Sur twitter, une reprise d\'une déclaration , hors contexte, d\'un élu FN de Marseille (capture d\'écran)
Sur twitter, une reprise d'une déclaration , hors contexte, d'un élu FN de Marseille (capture d'écran) (CAPTURE D'ÉCRAN TWITTER)

Sauf que cette histoire date de 2013. Stéphane Ravier, alors candidat à la mairie de Marseille, est l'invité de Thierry Ardisson sur Canal+ et on parle insécurité. A la question, "ne faut-il pas légaliser le cannabis ?" Stéphane Ravier répond : "Et pourquoi ne pas légaliser le viol aussi ?". Il poursuit avec sa déclaration sur "le rapport amoureux...", ajoutant : "Si je suis votre raisonnement, c'est la même chose. On pourrait légaliser le viol, et aussi le vol de voiture." 

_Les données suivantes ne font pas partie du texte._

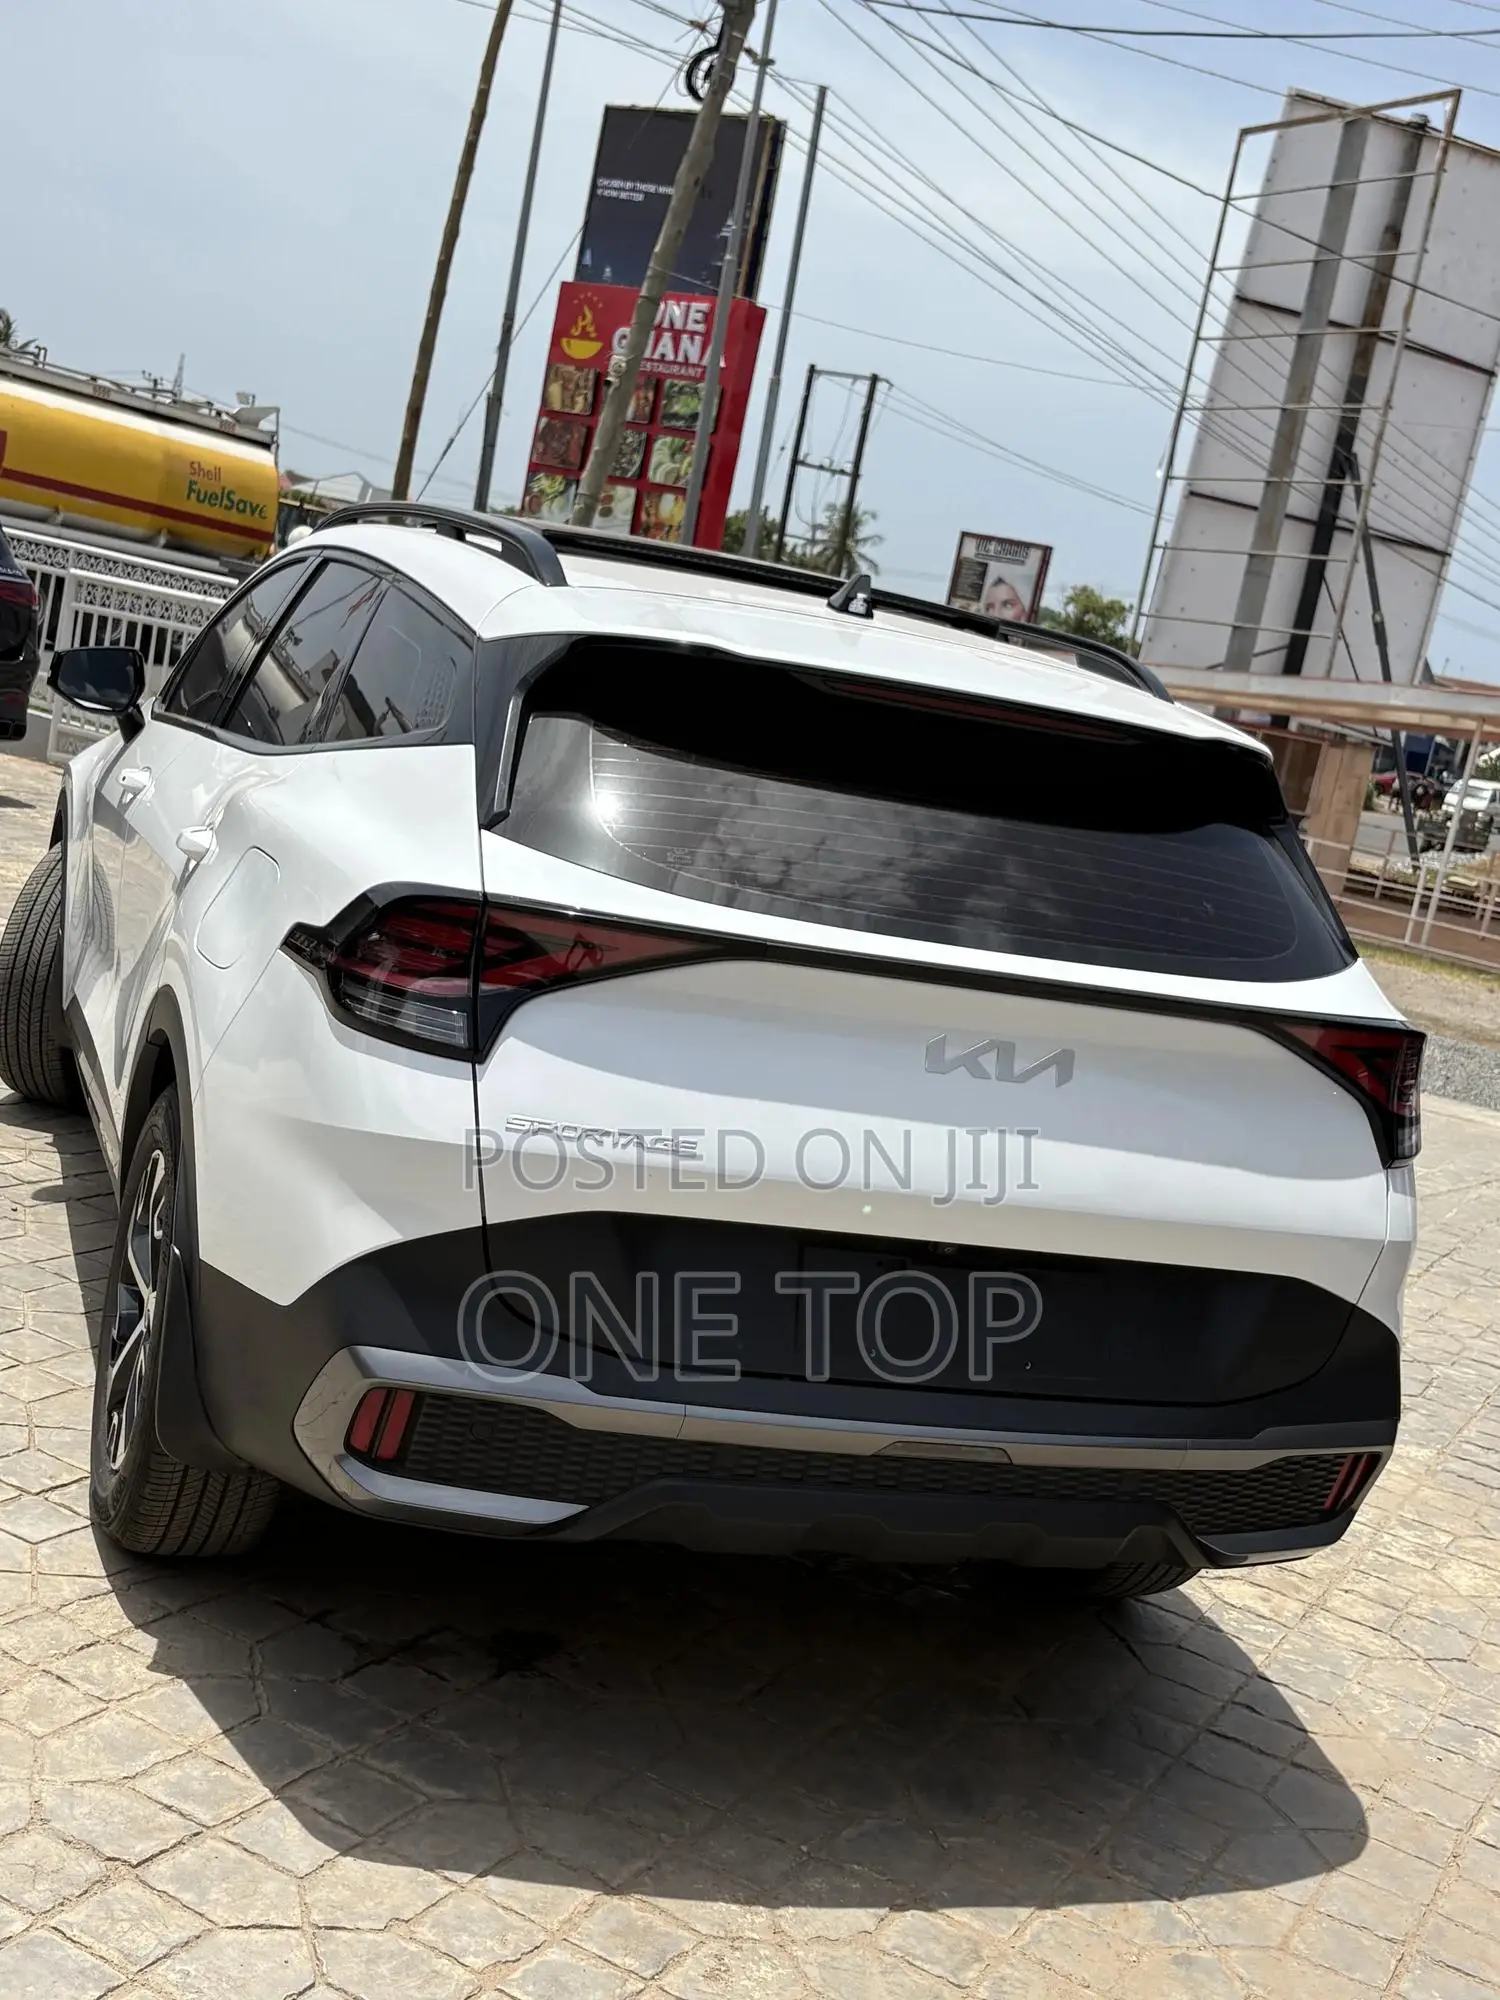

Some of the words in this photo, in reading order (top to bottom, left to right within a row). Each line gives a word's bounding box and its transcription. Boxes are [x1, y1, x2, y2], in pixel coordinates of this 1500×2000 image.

En voulant caricaturer l'idée de la légalisation du cannabis pour lutter contre le trafic, Stéphane Ravier s'essaye à l'absurde en évoquant le viol et le vol de voiture. Tout cela tombe complètement à plat.

C'est plus que maladroit, mais on ne pas dire pour autant que l'élu frontiste qualifie le viol de rapport amoureux.

Et toujours à la rubrique "Ça ne peut pas être un fake puisque c'est un article de presse", regardons de près le grand retour en ce moment d'une fausse histoire sur Anne Hidalgo. Là encore, elle est appuyée par une capture d'écran d'un article largement partagé ces dernières semaines sur Twitter et Facebook. La maire de Paris, Anne Hidalgo, se fait soi-disant retirer son permis de conduire pour un dépassement de vitesse de plus de 50 km/h sur le périphérique dans la nuit de samedi à dimanche, il y a dix jours. Une vitesse de 121 km/h au lieu du 70 autorisé. Le tout est accompagné de commentaires acerbes. Sur cette photo, on ne dispose d'aucune indication. On ne sait pas de quel journal elle provient, on ne connaît pas non plus la date. De quoi donc effectivement tromper du monde.  

C'est faux. Cette histoire vient du journal Le Parisien, qui avait publié cet article sur l'excès de vitesse de la maire de Paris, le 1er avril 2015, date annuelle des blagues en tout genre. C'est bien un poisson d'avril du Parisien, qui lui a totalement glissé des mains puisque deux ans plus tard, des centaines de personnes continuent à y croire.

Pour résumer, encore une fois, une photo sans contexte publiée sur les réseaux sociaux n'est pas une preuve, même si elle montre un soi-disant article de presse.